And so, arguably, this is not a case the Supreme Court may have decided to hear on its own that is either of these two cases, but with the conflict at the level of the appellate courts, the Supreme Court had to step in. And if you were paying attention to yesterday’s oral arguments, it was pretty clear that a majority of justices seemed to be extremely reluctant to support the Texas and Florida laws, precisely because they want to understand and to affirm a very deep First Amendment right even for American corporations, even social media platforms. Alright, what’s really at stake here? Well, for one thing, you have politics heating up in the 2024 election cycle. So you could expect that this case, which would have a normal amount of volatility anytime, has a special amount of volatility now. So let’s just ask ourselves the question. If we were justices on the United States Supreme Court, how do we think we would decide this kind of case?

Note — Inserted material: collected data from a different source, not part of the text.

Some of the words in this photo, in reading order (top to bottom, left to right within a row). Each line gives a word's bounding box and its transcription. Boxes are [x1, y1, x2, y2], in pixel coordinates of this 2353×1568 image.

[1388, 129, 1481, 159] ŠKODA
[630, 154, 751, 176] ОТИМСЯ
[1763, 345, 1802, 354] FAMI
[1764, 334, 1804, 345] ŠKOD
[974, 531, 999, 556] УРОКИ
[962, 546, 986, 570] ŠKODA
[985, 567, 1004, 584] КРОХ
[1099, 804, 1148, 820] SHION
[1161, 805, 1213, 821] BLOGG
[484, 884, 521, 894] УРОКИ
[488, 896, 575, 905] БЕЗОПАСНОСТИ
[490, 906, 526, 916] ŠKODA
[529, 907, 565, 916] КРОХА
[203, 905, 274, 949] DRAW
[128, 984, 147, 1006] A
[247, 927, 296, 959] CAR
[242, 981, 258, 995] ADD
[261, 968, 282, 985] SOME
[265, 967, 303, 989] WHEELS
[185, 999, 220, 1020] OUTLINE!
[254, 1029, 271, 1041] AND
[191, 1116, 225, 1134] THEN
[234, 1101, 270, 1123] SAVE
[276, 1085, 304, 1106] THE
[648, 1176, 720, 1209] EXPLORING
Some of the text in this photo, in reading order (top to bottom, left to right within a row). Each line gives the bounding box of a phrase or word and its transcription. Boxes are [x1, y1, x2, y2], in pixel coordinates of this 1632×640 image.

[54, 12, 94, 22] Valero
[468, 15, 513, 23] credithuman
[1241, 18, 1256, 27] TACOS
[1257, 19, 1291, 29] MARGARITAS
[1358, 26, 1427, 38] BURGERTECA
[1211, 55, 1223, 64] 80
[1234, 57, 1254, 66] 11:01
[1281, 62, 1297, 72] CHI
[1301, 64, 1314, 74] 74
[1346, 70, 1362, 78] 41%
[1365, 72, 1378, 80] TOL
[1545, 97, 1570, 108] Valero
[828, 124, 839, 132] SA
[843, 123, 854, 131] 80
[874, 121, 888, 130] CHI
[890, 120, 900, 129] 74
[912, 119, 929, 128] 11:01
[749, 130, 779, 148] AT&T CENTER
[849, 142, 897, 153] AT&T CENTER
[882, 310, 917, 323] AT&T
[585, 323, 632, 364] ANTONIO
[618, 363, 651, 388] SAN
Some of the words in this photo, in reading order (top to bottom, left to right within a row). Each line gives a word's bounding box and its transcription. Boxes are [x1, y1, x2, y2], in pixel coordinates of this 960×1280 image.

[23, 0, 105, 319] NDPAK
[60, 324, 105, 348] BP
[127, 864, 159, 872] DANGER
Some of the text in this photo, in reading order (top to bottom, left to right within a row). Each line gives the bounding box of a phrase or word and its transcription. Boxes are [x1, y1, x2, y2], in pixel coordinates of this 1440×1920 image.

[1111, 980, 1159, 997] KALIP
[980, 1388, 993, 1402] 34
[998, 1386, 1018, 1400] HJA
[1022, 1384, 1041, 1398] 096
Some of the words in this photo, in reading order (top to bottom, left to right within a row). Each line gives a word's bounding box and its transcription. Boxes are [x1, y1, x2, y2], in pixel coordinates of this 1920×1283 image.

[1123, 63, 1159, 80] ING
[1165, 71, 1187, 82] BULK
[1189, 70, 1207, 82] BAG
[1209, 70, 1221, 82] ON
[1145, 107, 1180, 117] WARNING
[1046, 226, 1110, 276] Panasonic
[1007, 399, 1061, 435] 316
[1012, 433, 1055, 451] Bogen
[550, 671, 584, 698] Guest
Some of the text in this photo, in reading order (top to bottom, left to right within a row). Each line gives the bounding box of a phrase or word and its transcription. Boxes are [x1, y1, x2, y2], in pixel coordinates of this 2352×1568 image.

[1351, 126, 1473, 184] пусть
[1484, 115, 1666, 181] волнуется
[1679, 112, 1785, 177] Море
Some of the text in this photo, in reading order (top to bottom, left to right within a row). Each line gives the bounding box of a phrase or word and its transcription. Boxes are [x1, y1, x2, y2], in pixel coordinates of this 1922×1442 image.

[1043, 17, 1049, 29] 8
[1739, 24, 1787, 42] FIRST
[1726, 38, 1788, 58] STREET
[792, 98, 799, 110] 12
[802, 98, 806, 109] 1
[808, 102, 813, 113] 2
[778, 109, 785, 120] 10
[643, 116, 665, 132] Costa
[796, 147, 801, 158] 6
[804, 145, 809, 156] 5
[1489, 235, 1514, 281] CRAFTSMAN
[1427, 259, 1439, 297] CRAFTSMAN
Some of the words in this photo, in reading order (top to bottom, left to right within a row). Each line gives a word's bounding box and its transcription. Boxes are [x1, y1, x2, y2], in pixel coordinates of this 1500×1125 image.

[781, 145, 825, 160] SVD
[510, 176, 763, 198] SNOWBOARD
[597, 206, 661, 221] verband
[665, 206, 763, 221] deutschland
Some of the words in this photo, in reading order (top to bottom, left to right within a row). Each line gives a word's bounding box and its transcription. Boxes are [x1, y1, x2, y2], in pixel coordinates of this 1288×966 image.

So here is a fundamental question. What is a social media platform? And here’s a situation in which frankly, there’s a bit of confusion everywhere you look. So let’s put it this way, conservatives and in particular the governors and the legislatures in the states of Texas and Florida, conservative, color them red as in overwhelmingly Republican. Those governors and the states are making the case that the social media platforms are basically public utilities. They are much like say the old telephone system. Others are arguing, “no, they’re actually like massive publishing platforms.” Well, here’s the deal. The telephone company didn’t have the right to censor any of the content that might be transferred telephone to telephone. It was a public utility. It did not have First Amendment rights. It functioned in many ways as a public utility. Now you take a newspaper, say the New York Times, clearly that is a commercial publishing enterprise. And the Supreme Court has been very clear in previous precedents that a newspaper like the New York Times has vast first amendment rights that the government is going to respect and is not going to curtail.

So are the giant social media platforms, public utilities, or are they publishers? Now you might think that’s an easy question to answer, but it’s not. And at times you have liberals and conservatives answering one way and then the other. You have the social media platforms arguing one way and then the other. The Supreme Court’s going to have to figure this out, but let’s at least understand a part of what is at stake. Number one is the reality: conservative speech is more likely to be canceled and censored than more liberal speech, and that’s because of the entire cultural setup of these vast social media platforms and frankly, the people who run them. This has been a matter of controversy for a long time. So the states of Texas and Florida, through their respective state governments, stepped in and adopted policies that were intended to prevent these social media platforms from canceling speech based upon its content.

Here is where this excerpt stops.